Upon receiving this signal, the cooling control section 46 controls the cooling mechanism 30 to stop the cooling process. Then, the transfer control unit 50 operates the transfer arm 38,
The wafer is unloaded from the cooling mechanism 30 and loaded into the resist coating mechanism 24 for the next processing. Next, the resist coating controller 40 controls the resist coating mechanism 24 to execute resist coating.

As described above, even if the unit on the receiving side can receive the wafer, the wafer is kept waiting on the cooling mechanism 30 until the dummy dispensing is completed. In this case, since the wafer transfer time from the cooling mechanism 30 to the resist coating mechanism 24 can be made substantially constant, the temperature change that the semiconductor wafer receives due to the influence of the environment during the transfer becomes substantially constant. Therefore, at the time of resist coating, all wafers can be coated under the same temperature condition.

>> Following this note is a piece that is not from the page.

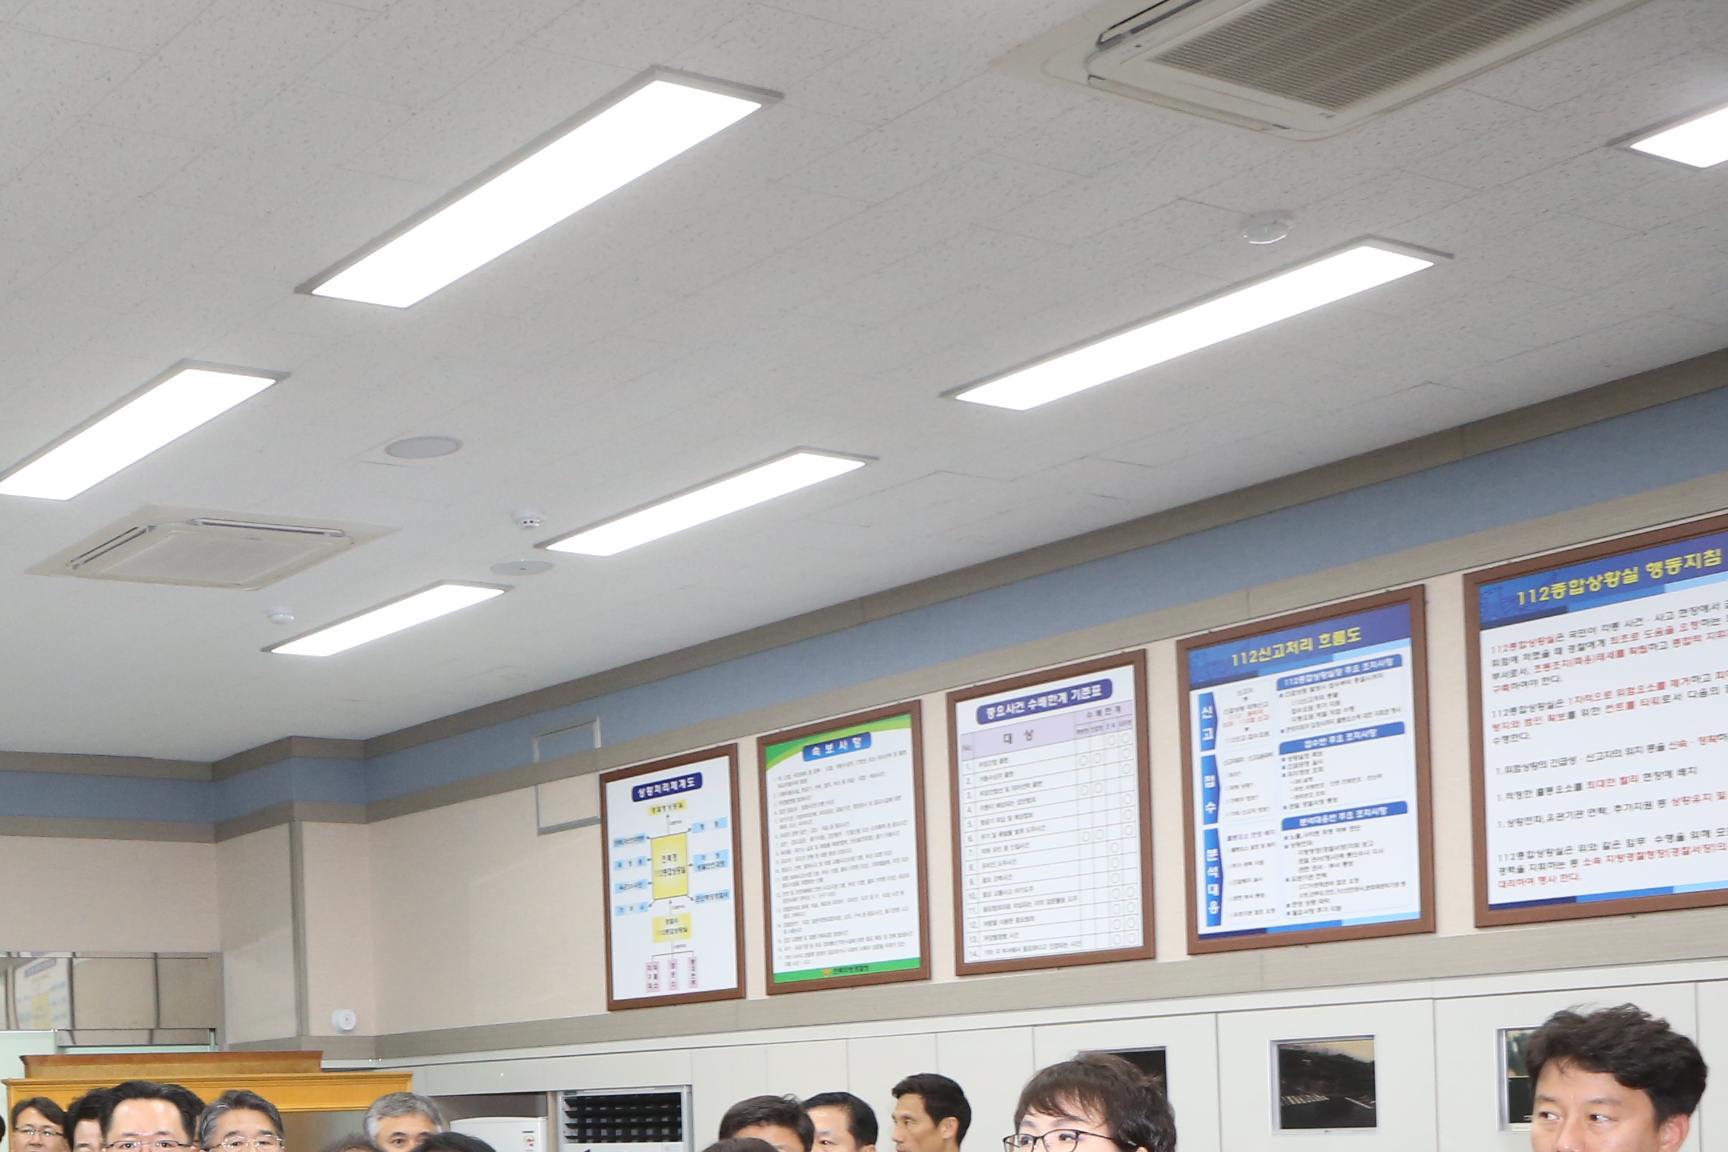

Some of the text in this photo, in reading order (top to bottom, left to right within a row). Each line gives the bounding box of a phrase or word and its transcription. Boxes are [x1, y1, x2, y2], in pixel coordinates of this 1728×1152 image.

Although the above-described embodiment relates to the resist coating apparatus for manufacturing a semiconductor device, the present invention is not limited to this, and is applied to any resist coating apparatus having a dummy dispensing function. It is possible.

[0041]

As described above, according to the resist coating apparatus of the present invention, the dummy dispensing is completed at a predetermined timing before the object to be processed is carried in or loaded into the resist coating section. The resist coating can be executed immediately or shortly after the object to be processed is carried in or loaded into the resist coating section. This allows
The resist coating can be performed while the temperature of the object to be processed is stably maintained, and a uniform resist film having a desired film thickness can be obtained even immediately after the dummy dispensing.

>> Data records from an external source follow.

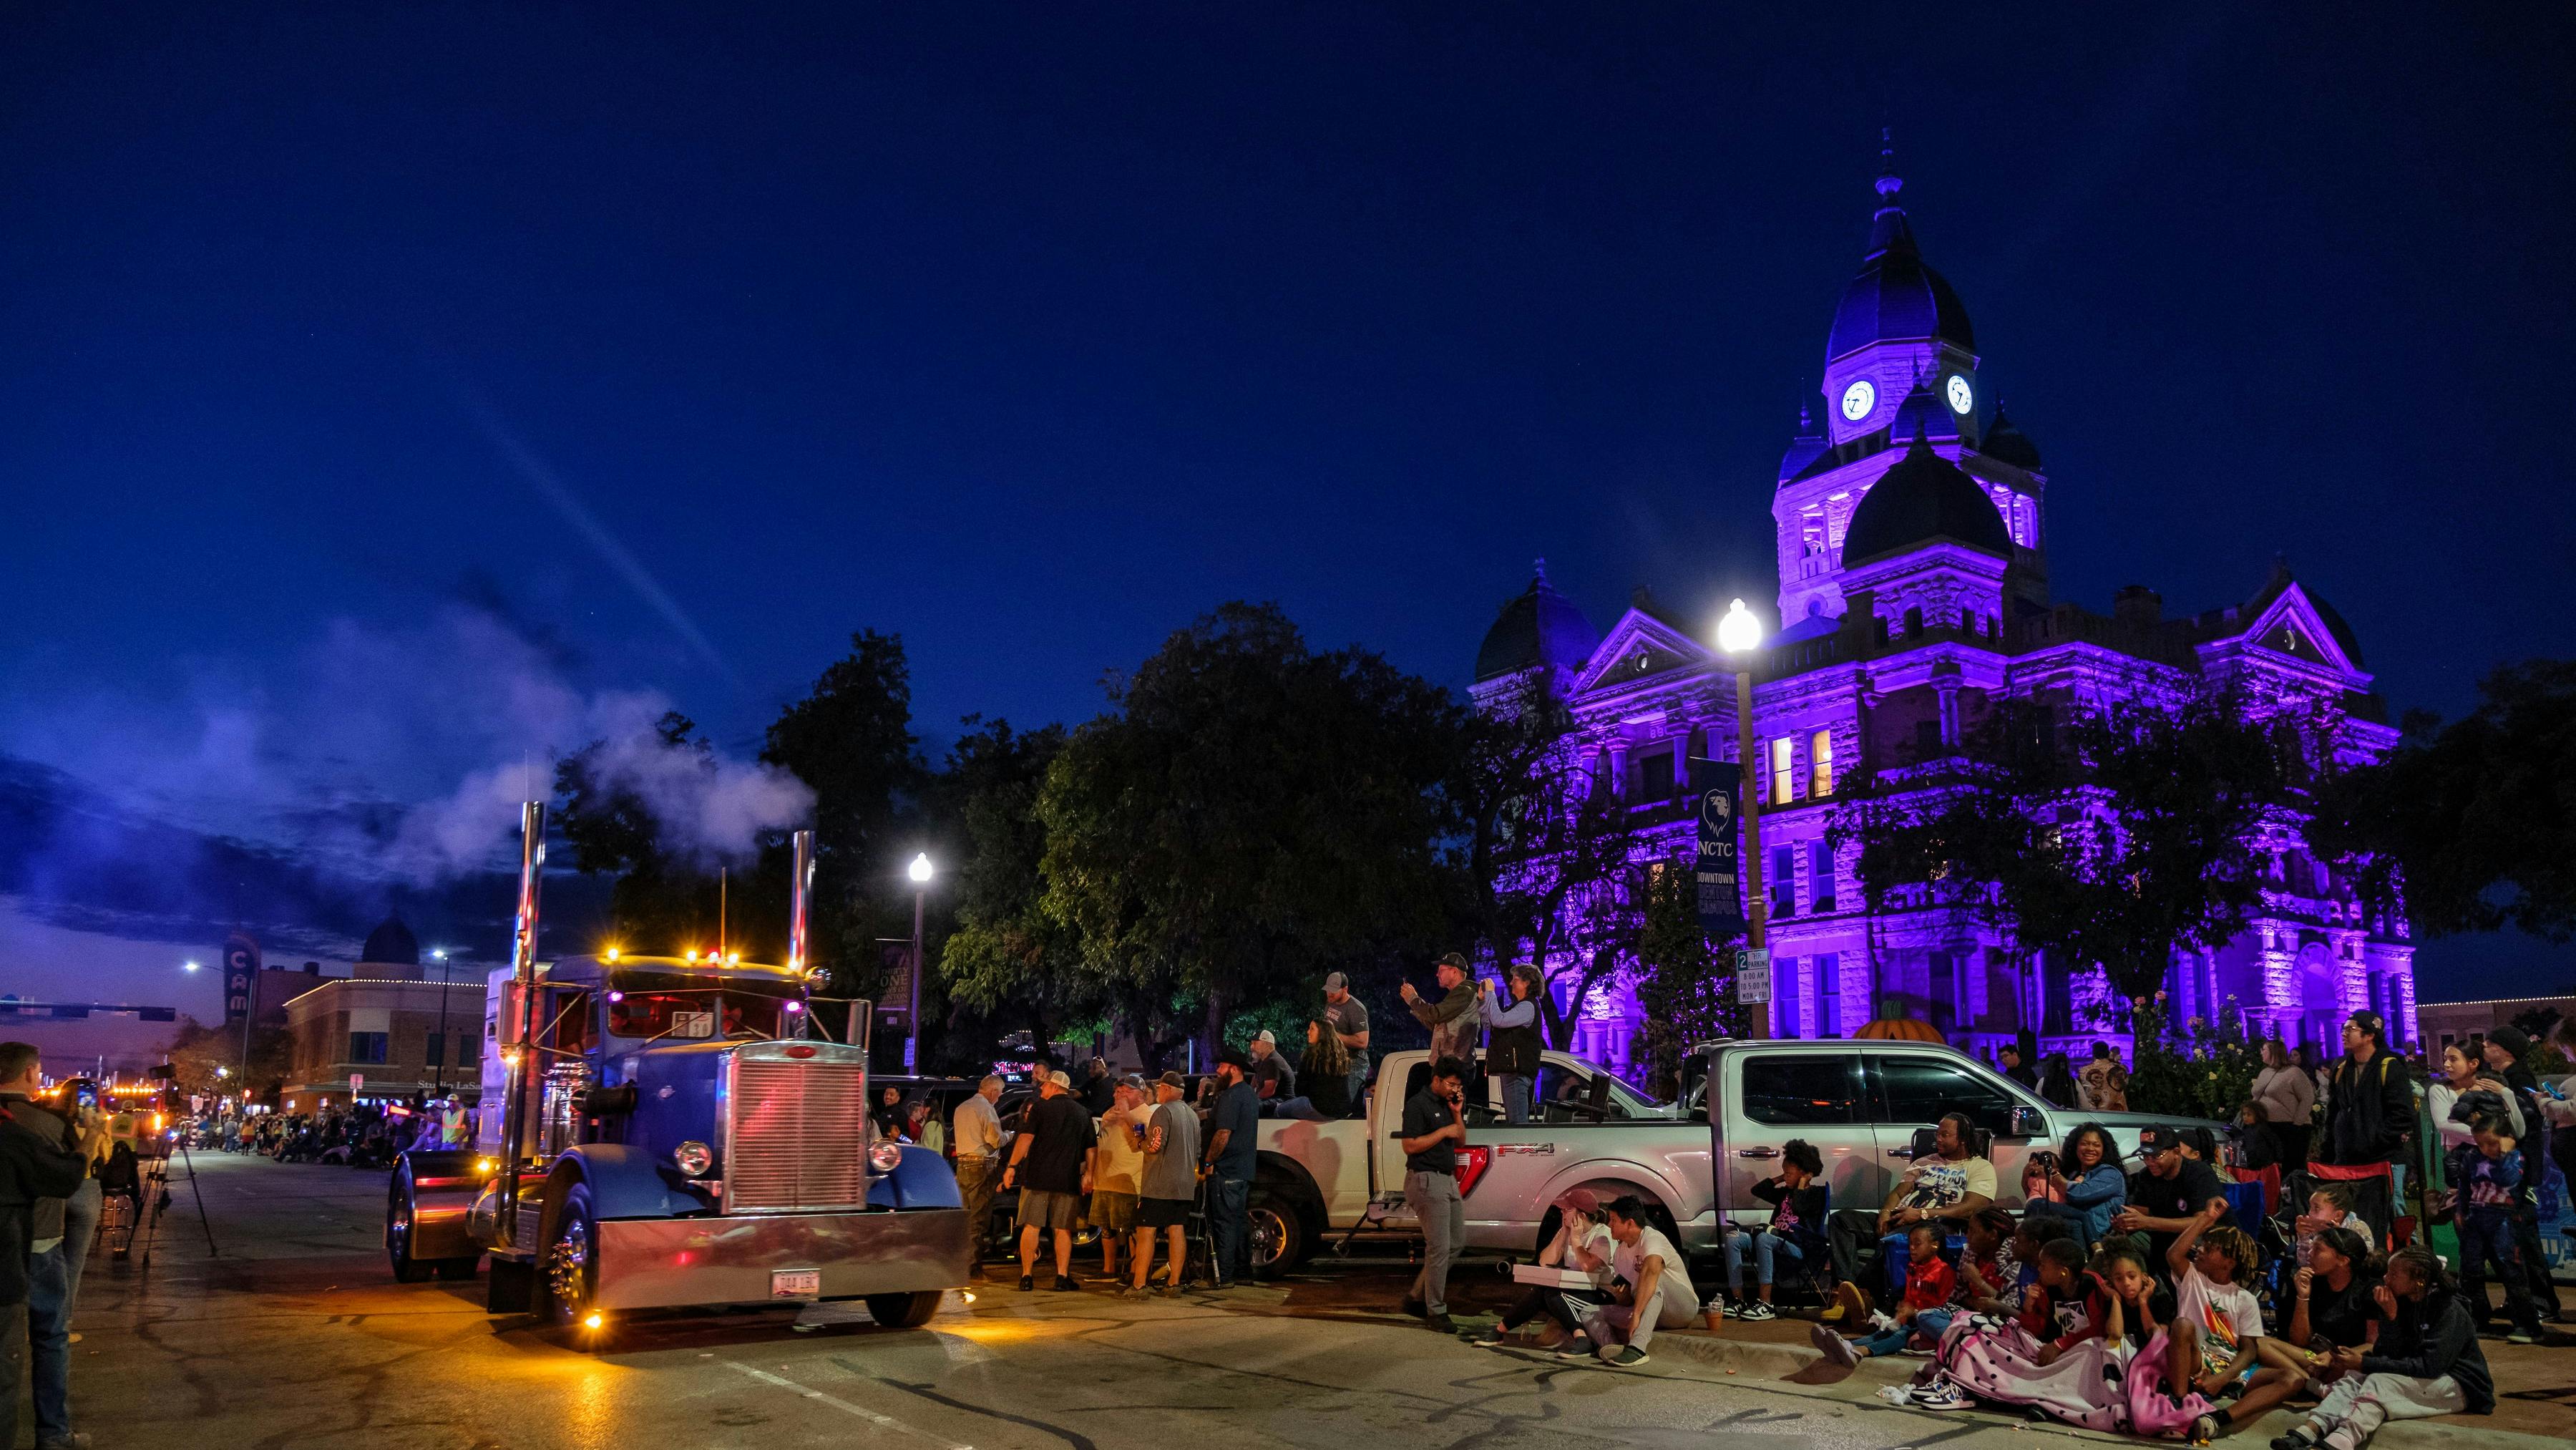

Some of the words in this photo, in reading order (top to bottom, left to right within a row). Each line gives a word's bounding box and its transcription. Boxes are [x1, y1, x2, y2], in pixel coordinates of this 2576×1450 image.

[1698, 841, 1733, 857] NCTC
[1697, 872, 1735, 885] DOWNTOWN
[1740, 955, 1747, 968] 2
[1748, 960, 1768, 968] PARKING
[880, 975, 909, 988] ONE
[1496, 1143, 1555, 1157] FX4

[Brief description of drawings]

FIG. 1 is a schematic plan view showing a mechanical structure of a resist coating apparatus for manufacturing a semiconductor device according to an embodiment of the present invention.

FIG. 2 is a block diagram showing a configuration of a control unit of the resist coating apparatus according to the embodiment.

FIG. 3 is a perspective view showing a configuration of a resist coating mechanism in the resist coating apparatus according to the embodiment.

FIG. 4 is a flow chart for explaining an example of dummy dispensing in the resist coating apparatus according to the embodiment.

[Explanation of symbols]

 10 loader unit 12 processing unit 24 resist coating mechanism 30 cooling mechanism 32 wafer transfer chamber 36 wafer transfer body 38 transfer arm 40 resist application control unit 50 transfer control unit 52 main control unit 62 resist nozzle 74 resist liquid delivery mechanism

(72) Inventor Yasushi Hayashida 2655 Tsukyu, Kikuyo-cho, Kikuchi-gun, Kumamoto Prefecture, Tokyo Electron Kyushu Co., Ltd.

Claims (1)

[Claims] 1. A resist coating apparatus in which resist is conditionally discarded by a resist discharging unit between resist coating steps, and the object is loaded at a predetermined timing before being loaded into or loaded in the resist coating section. A resist coating apparatus comprising means for completing a resist discarding operation.